Since the ’30s, Biden said, there was a basic bargain between Democrats and Republicans.

“They differed in degree, but they shared in this view that if you participated in an enterprise where you were part of the reason of the productivity of the enterprise, you got to share in the benefits that flowed from that enterprise,” he said.

“Today, $4.6 billion over the last five years made by corporate America, a good thing, but guess what? 54 percent of it went to buy back their own stock, 37 percent went to pay dividends, leaving 9 percent for everything from salary, expansion, research and development.”

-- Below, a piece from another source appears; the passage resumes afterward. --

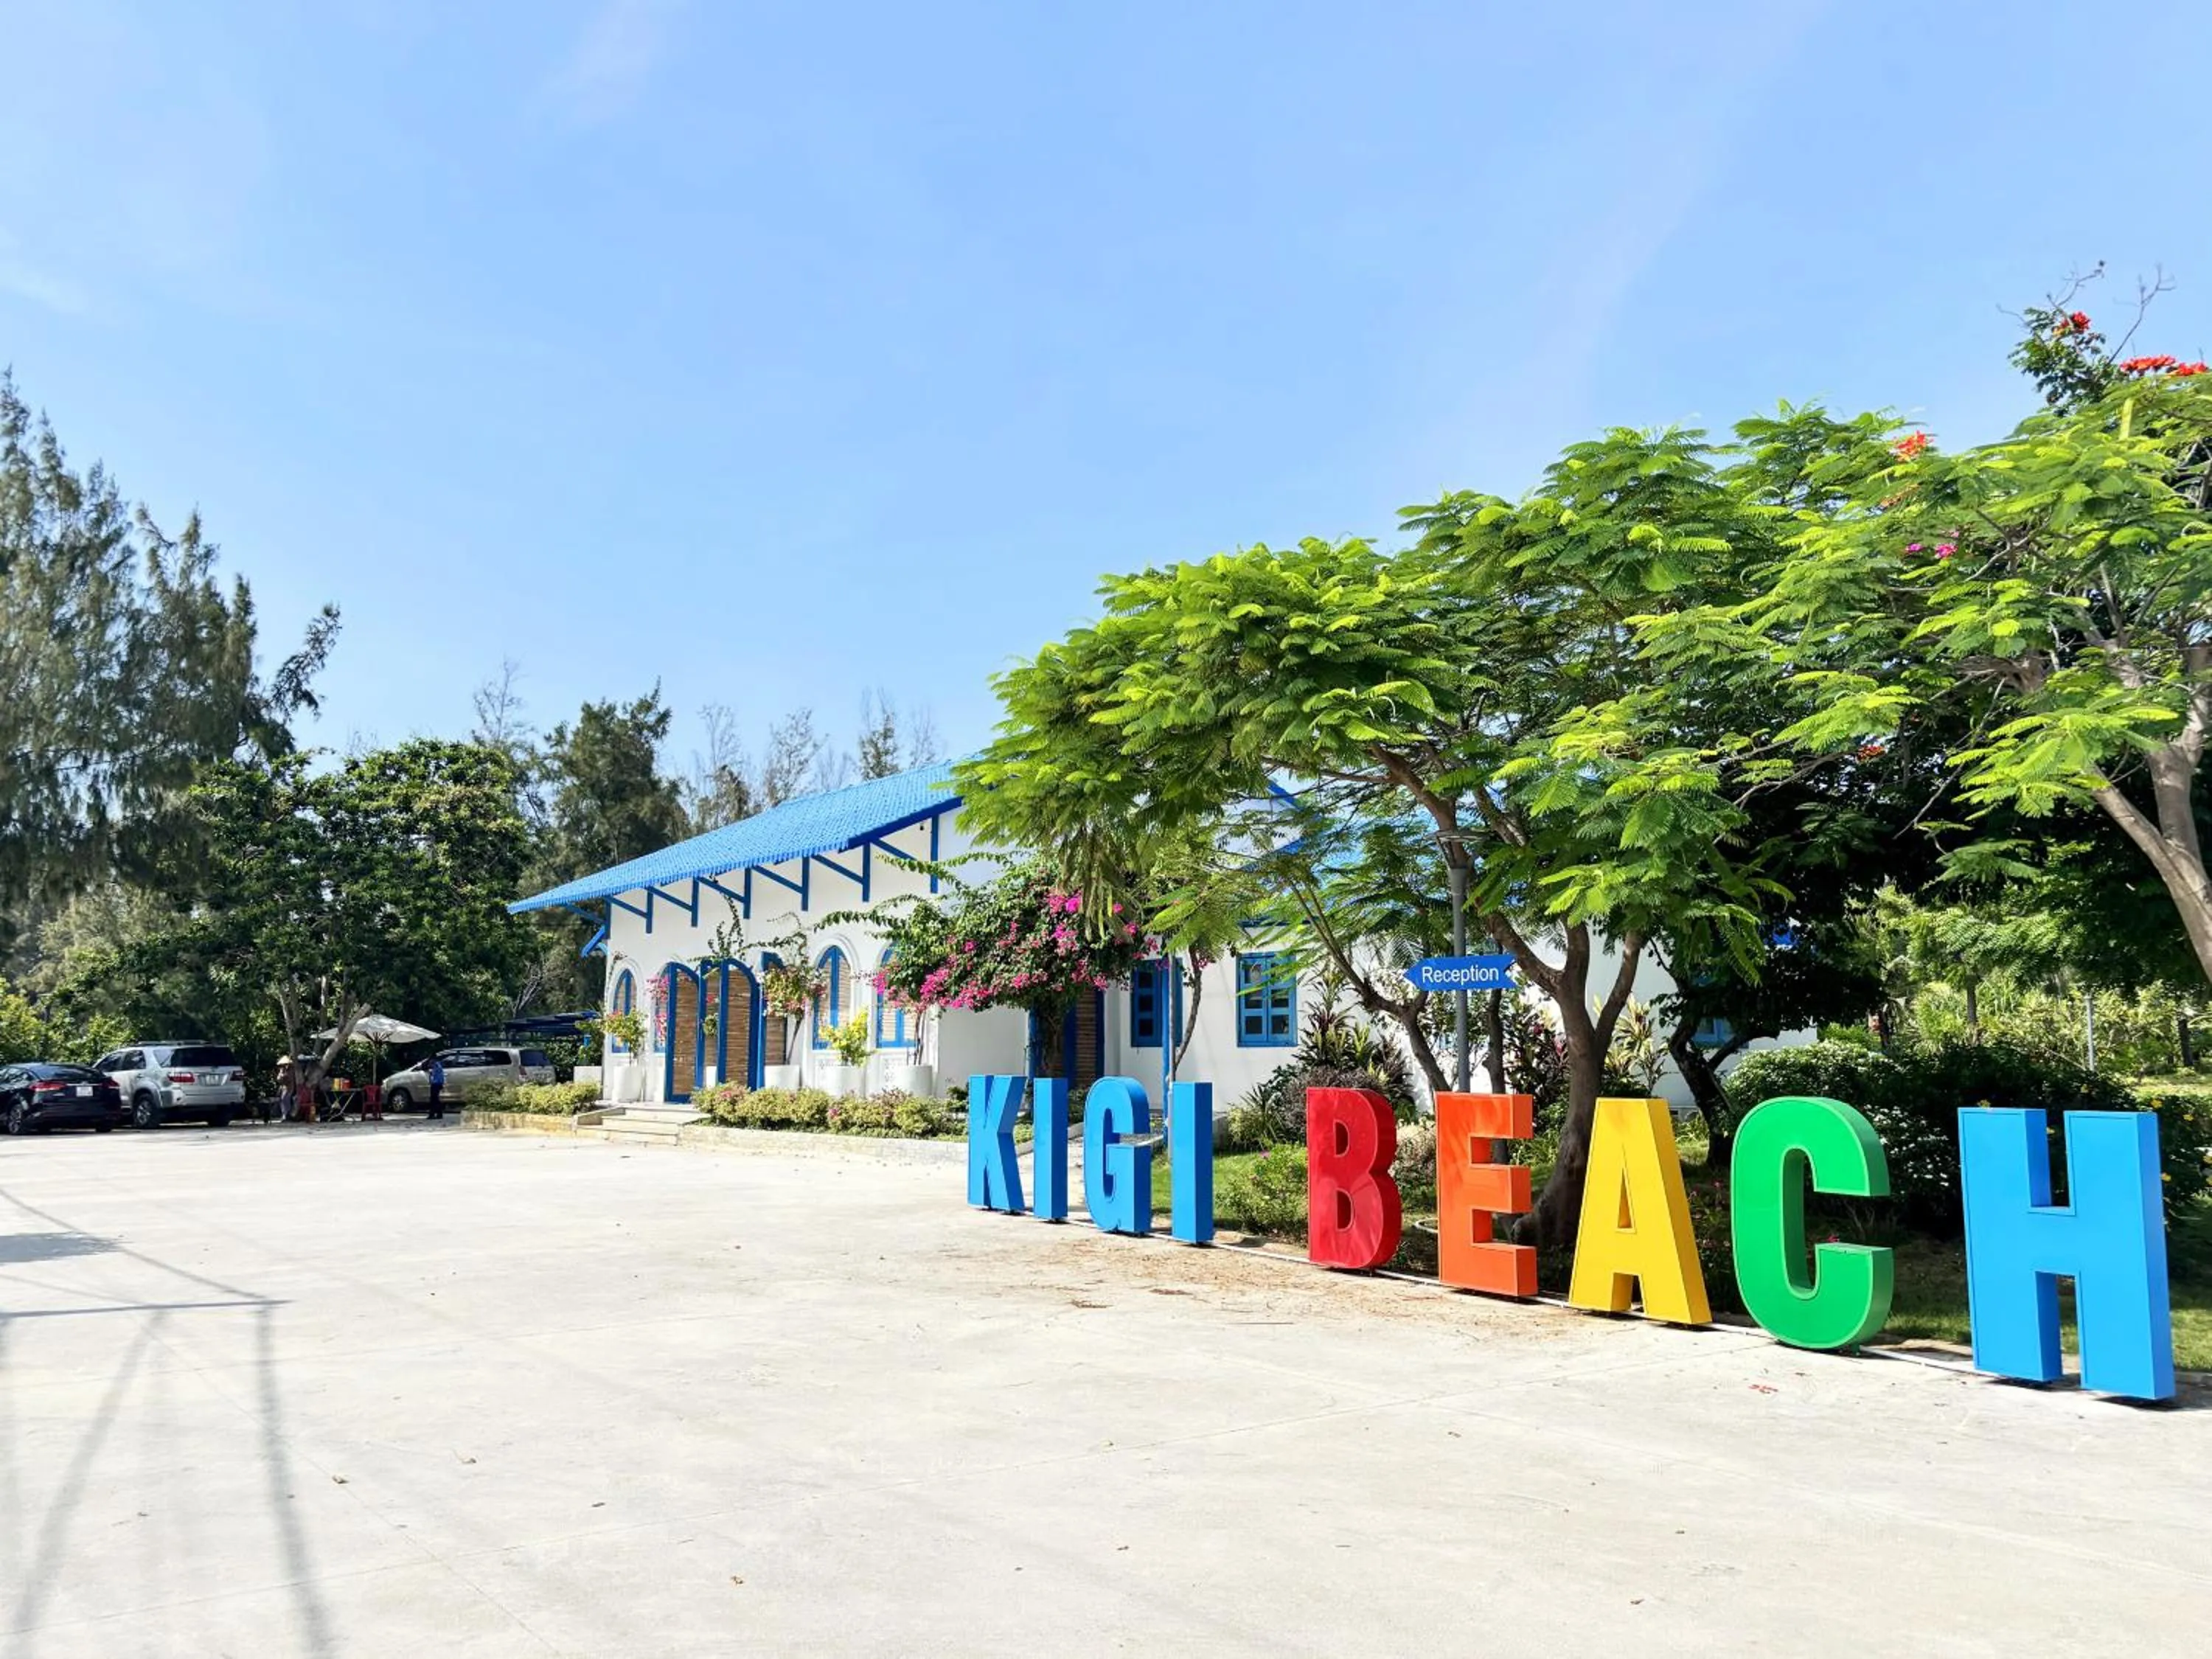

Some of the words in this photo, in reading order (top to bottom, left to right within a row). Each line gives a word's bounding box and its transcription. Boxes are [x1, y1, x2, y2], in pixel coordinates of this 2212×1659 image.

[1422, 964, 1499, 985] Reception
[968, 1074, 1215, 1245] KIGI
[1306, 1087, 2177, 1400] BEACH

Biden said the nation cannot sustain an economy for everyone if it stays on the same path.

“Dealing the middle class back in because look, when the middle class does well, the wealthy do very well and the poor have a leg up. They have a chance,” he said.

Sen. Kirsten Gillibrand (D-N.Y.) also addressed the audience and called on Congress to pass legislation that would provide every worker with paid medical leave.

Gillibrand said paid leave would unite the electorate and accelerate the economy.

“Right now because we don’t have paid leave in this country, when a man has to leave the workforce, he loses $284,000 in his lifetime in wages and Social Security benefits,” said Gillibrand, who sponsored the “Family and Medical Insurance Leave Act” in the Senate.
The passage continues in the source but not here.